**Try it**. Everything from the line containing "this 1904×1428 image." through the end of the entries should be output exactly; nothing before it is wanted.
※
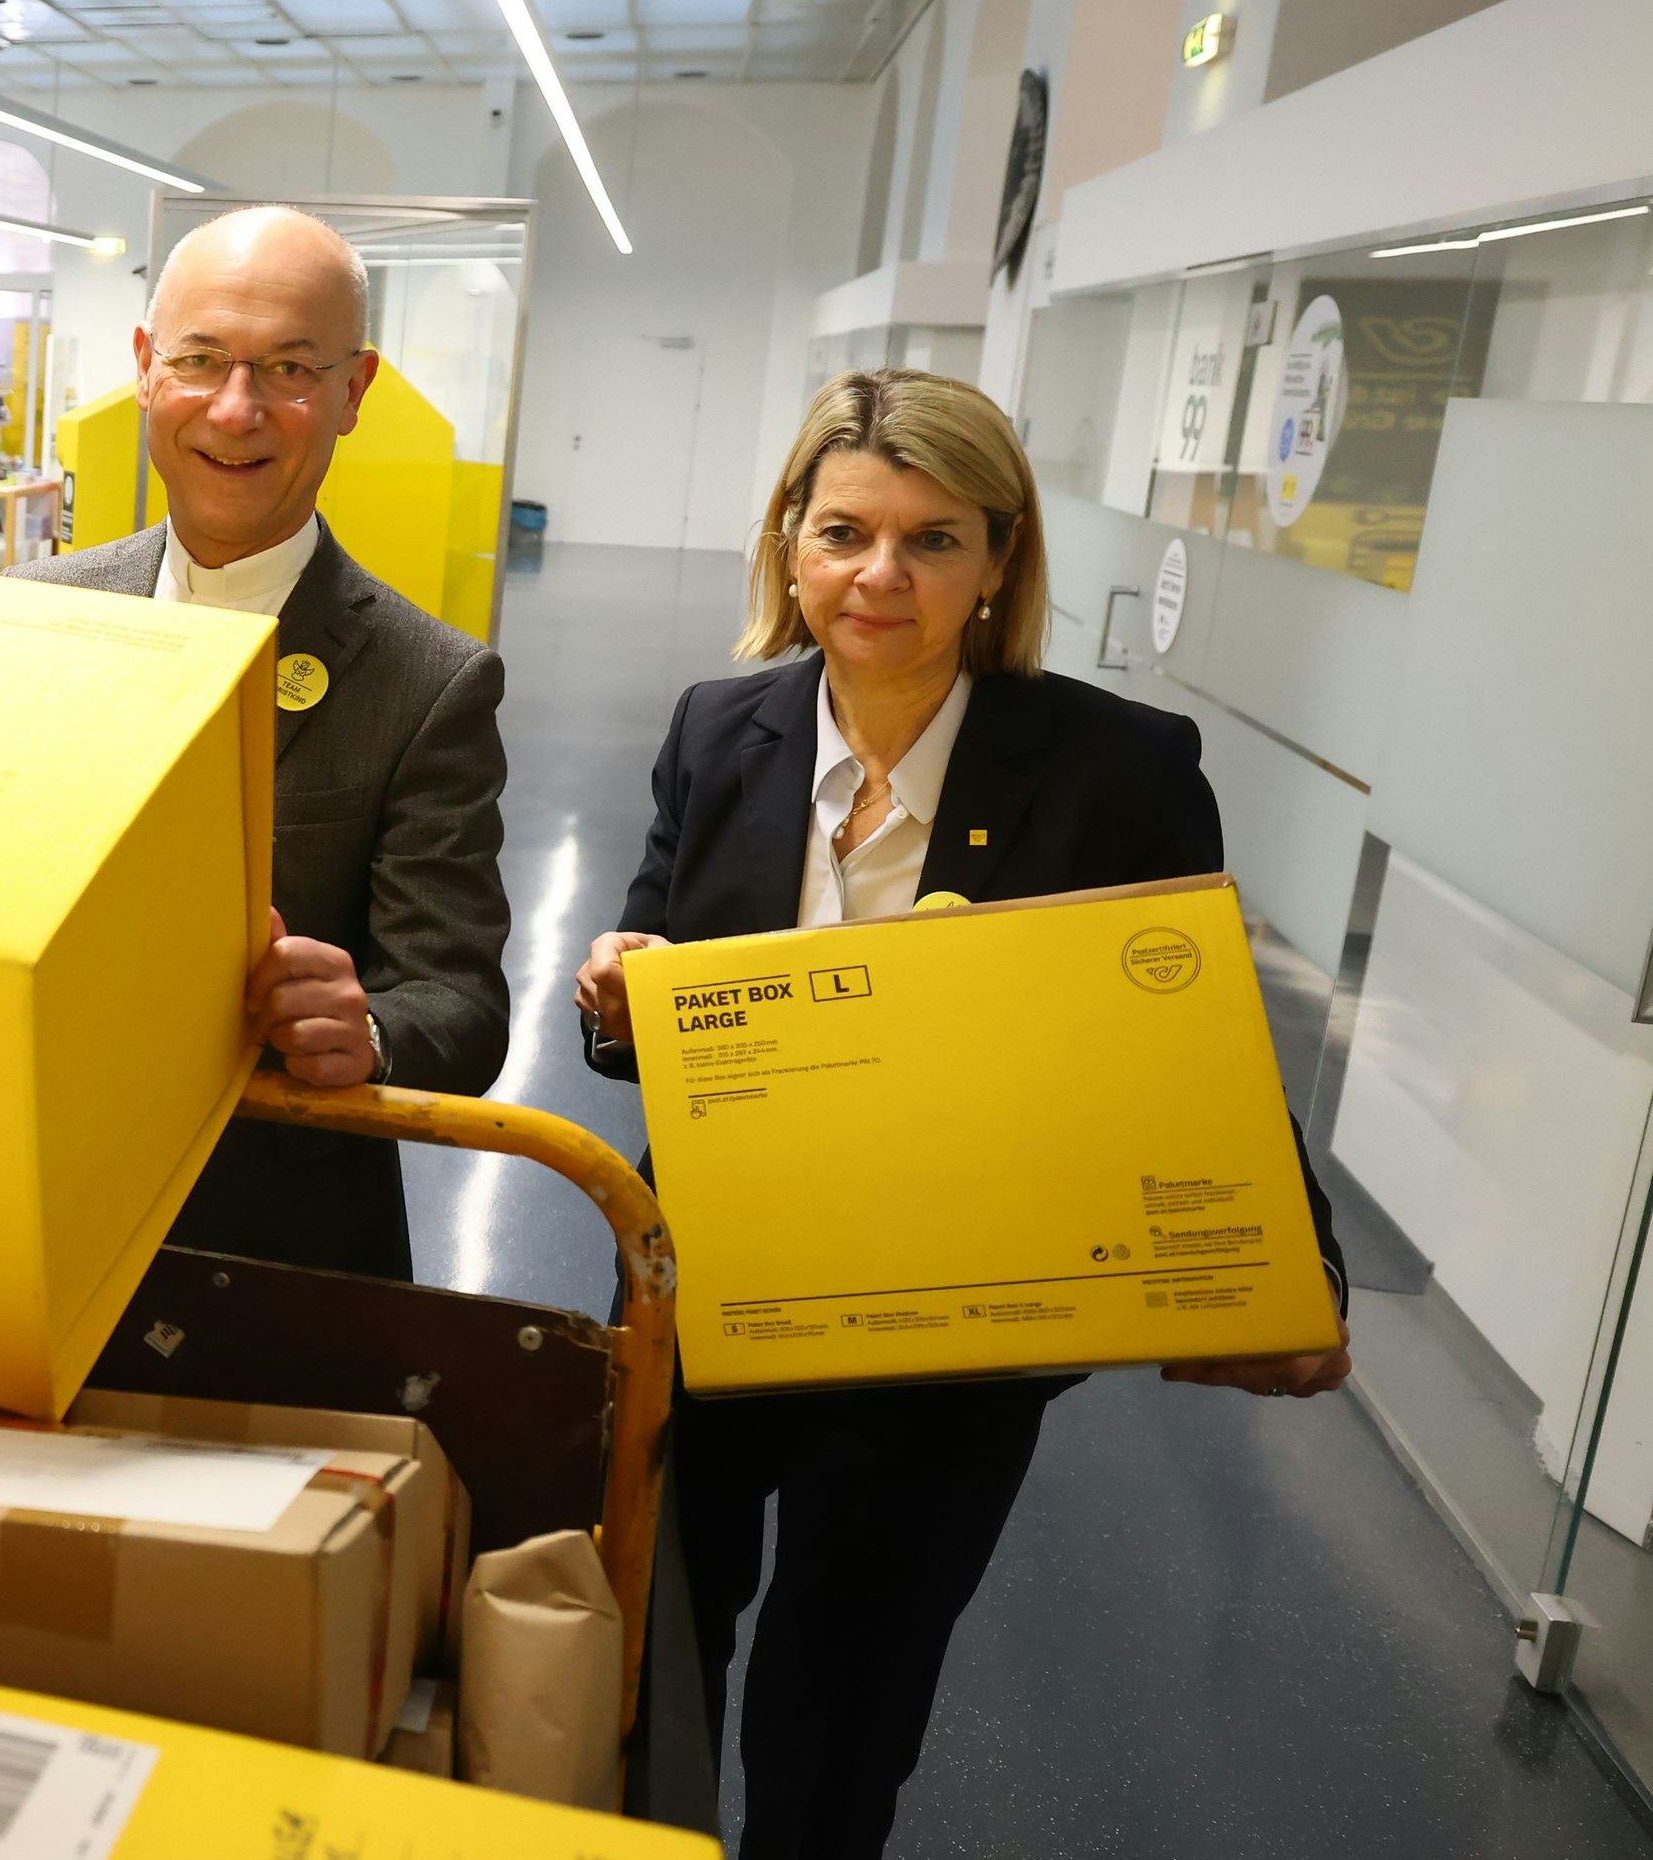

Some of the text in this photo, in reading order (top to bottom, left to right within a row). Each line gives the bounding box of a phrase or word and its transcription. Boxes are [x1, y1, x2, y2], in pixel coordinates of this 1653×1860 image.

[1189, 342, 1227, 387] bank
[1179, 394, 1208, 462] 99
[277, 686, 307, 705] RISTKIND
[282, 680, 301, 695] TEAM
[1161, 952, 1193, 961] Versand
[833, 974, 850, 994] L
[674, 982, 794, 1011] PAKET BOX
[677, 1010, 748, 1033] LARGE
[1158, 1178, 1213, 1189] Paketmarke
[1168, 1225, 1264, 1239] Sendungsverfolgung
[968, 1308, 981, 1316] XL
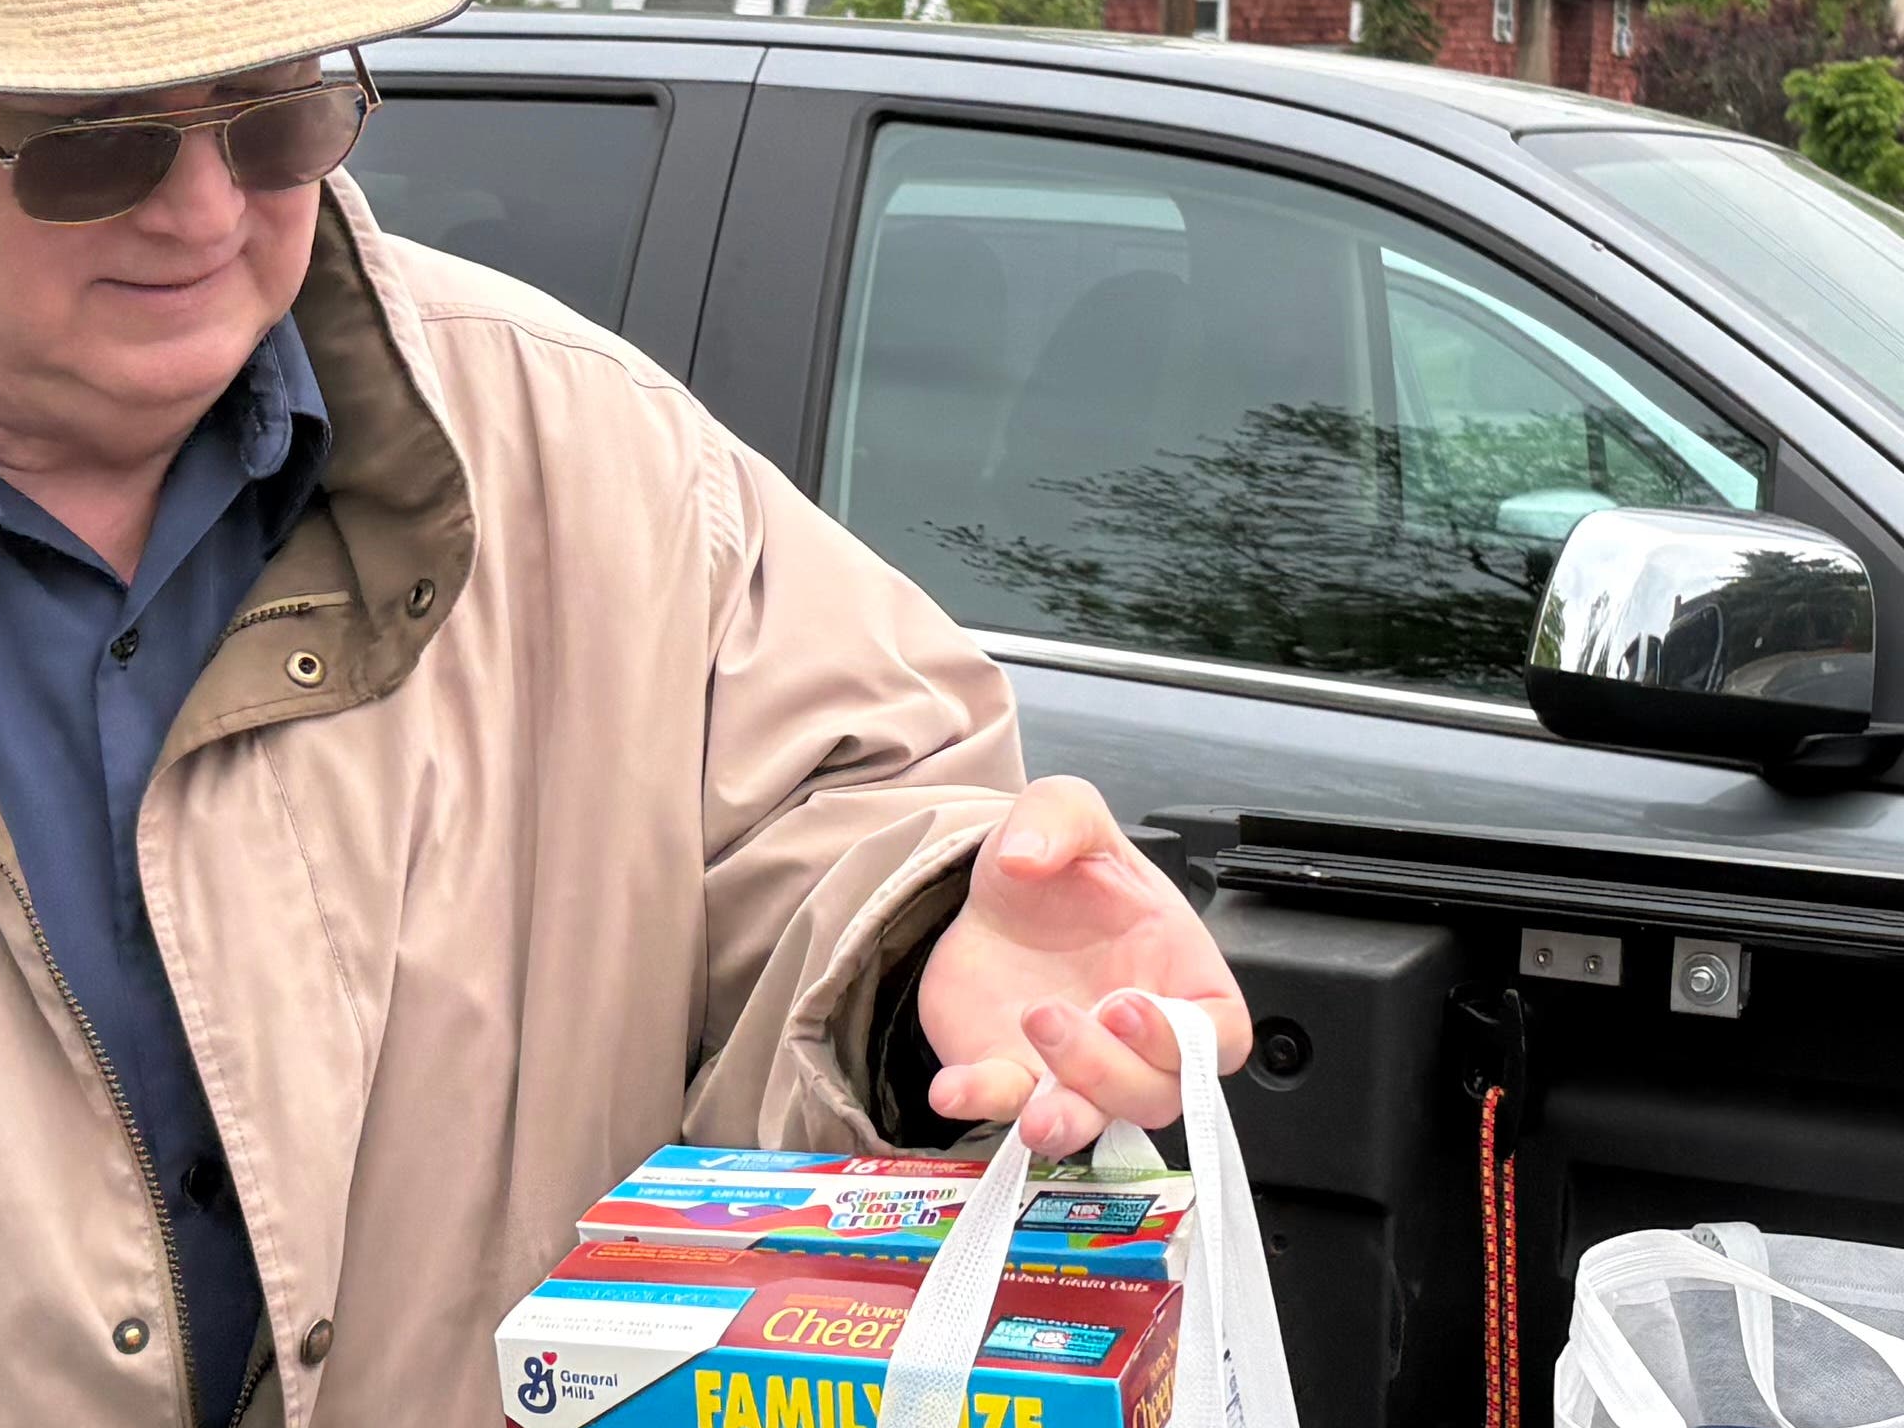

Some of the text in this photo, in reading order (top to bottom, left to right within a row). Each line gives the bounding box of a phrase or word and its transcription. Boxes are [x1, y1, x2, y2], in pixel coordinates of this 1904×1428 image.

[836, 1186, 958, 1204] Cinnamon
[851, 1200, 925, 1213] Toast
[829, 1209, 938, 1228] Crunch
[762, 1307, 901, 1350] Cheer
[559, 1369, 618, 1388] General
[561, 1385, 595, 1401] Mills
※
**Written reply**.
Some of the text in this photo, in reading order (top to bottom, left to right within a row). Each line gives the bounding box of a phrase or word and its transcription. Boxes are [x1, y1, x2, y2], in pixel coordinates of this 1904×1428 image.

[836, 1186, 958, 1204] Cinnamon
[851, 1200, 925, 1213] Toast
[829, 1209, 938, 1228] Crunch
[762, 1307, 901, 1350] Cheer
[559, 1369, 618, 1388] General
[561, 1385, 595, 1401] Mills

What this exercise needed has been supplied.